Free-text object descriptions
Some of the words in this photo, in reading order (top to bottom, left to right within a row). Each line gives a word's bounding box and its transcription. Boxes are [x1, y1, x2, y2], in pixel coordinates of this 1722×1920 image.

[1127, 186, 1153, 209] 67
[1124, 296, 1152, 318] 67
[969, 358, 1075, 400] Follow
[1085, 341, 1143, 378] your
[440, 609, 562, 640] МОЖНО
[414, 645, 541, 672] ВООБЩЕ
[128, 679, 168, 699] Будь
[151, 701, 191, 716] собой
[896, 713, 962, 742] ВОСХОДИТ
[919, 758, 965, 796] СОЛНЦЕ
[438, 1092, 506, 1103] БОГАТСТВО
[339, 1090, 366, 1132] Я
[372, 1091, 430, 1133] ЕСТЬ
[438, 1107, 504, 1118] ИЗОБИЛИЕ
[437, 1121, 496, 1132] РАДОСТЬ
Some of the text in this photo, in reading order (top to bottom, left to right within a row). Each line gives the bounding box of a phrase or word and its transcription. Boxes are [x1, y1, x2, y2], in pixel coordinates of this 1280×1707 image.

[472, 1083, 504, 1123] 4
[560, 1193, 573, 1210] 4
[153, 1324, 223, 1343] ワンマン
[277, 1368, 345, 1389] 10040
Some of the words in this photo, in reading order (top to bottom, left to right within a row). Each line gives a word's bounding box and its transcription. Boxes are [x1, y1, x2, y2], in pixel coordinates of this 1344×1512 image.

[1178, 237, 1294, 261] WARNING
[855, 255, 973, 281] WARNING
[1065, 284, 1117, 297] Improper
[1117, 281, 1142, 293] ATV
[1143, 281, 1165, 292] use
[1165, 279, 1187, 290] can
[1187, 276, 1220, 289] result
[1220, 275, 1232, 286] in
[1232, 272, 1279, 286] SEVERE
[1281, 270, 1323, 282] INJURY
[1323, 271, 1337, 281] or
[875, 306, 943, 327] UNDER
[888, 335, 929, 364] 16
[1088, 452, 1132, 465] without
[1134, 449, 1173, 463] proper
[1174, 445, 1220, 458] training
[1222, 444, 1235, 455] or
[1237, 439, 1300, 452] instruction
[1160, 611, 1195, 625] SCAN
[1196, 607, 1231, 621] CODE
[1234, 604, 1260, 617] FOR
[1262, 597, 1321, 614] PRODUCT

*Task description*. Set down an exact copy of the entries above.

*Response box*.
Some of the words in this photo, in reading order (top to bottom, left to right within a row). Each line gives a word's bounding box and its transcription. Boxes are [x1, y1, x2, y2], in pixel coordinates of this 1722×1920 image.

[1127, 186, 1153, 209] 67
[1124, 296, 1152, 318] 67
[969, 358, 1075, 400] Follow
[1085, 341, 1143, 378] your
[440, 609, 562, 640] МОЖНО
[414, 645, 541, 672] ВООБЩЕ
[128, 679, 168, 699] Будь
[151, 701, 191, 716] собой
[896, 713, 962, 742] ВОСХОДИТ
[919, 758, 965, 796] СОЛНЦЕ
[438, 1092, 506, 1103] БОГАТСТВО
[339, 1090, 366, 1132] Я
[372, 1091, 430, 1133] ЕСТЬ
[438, 1107, 504, 1118] ИЗОБИЛИЕ
[437, 1121, 496, 1132] РАДОСТЬ
Some of the text in this photo, in reading order (top to bottom, left to right within a row). Each line gives the bounding box of a phrase or word and its transcription. Boxes are [x1, y1, x2, y2], in pixel coordinates of this 1280×1707 image.

[472, 1083, 504, 1123] 4
[560, 1193, 573, 1210] 4
[153, 1324, 223, 1343] ワンマン
[277, 1368, 345, 1389] 10040
Some of the words in this photo, in reading order (top to bottom, left to right within a row). Each line gives a word's bounding box and its transcription. Boxes are [x1, y1, x2, y2], in pixel coordinates of this 1344×1512 image.

[1178, 237, 1294, 261] WARNING
[855, 255, 973, 281] WARNING
[1065, 284, 1117, 297] Improper
[1117, 281, 1142, 293] ATV
[1143, 281, 1165, 292] use
[1165, 279, 1187, 290] can
[1187, 276, 1220, 289] result
[1220, 275, 1232, 286] in
[1232, 272, 1279, 286] SEVERE
[1281, 270, 1323, 282] INJURY
[1323, 271, 1337, 281] or
[875, 306, 943, 327] UNDER
[888, 335, 929, 364] 16
[1088, 452, 1132, 465] without
[1134, 449, 1173, 463] proper
[1174, 445, 1220, 458] training
[1222, 444, 1235, 455] or
[1237, 439, 1300, 452] instruction
[1160, 611, 1195, 625] SCAN
[1196, 607, 1231, 621] CODE
[1234, 604, 1260, 617] FOR
[1262, 597, 1321, 614] PRODUCT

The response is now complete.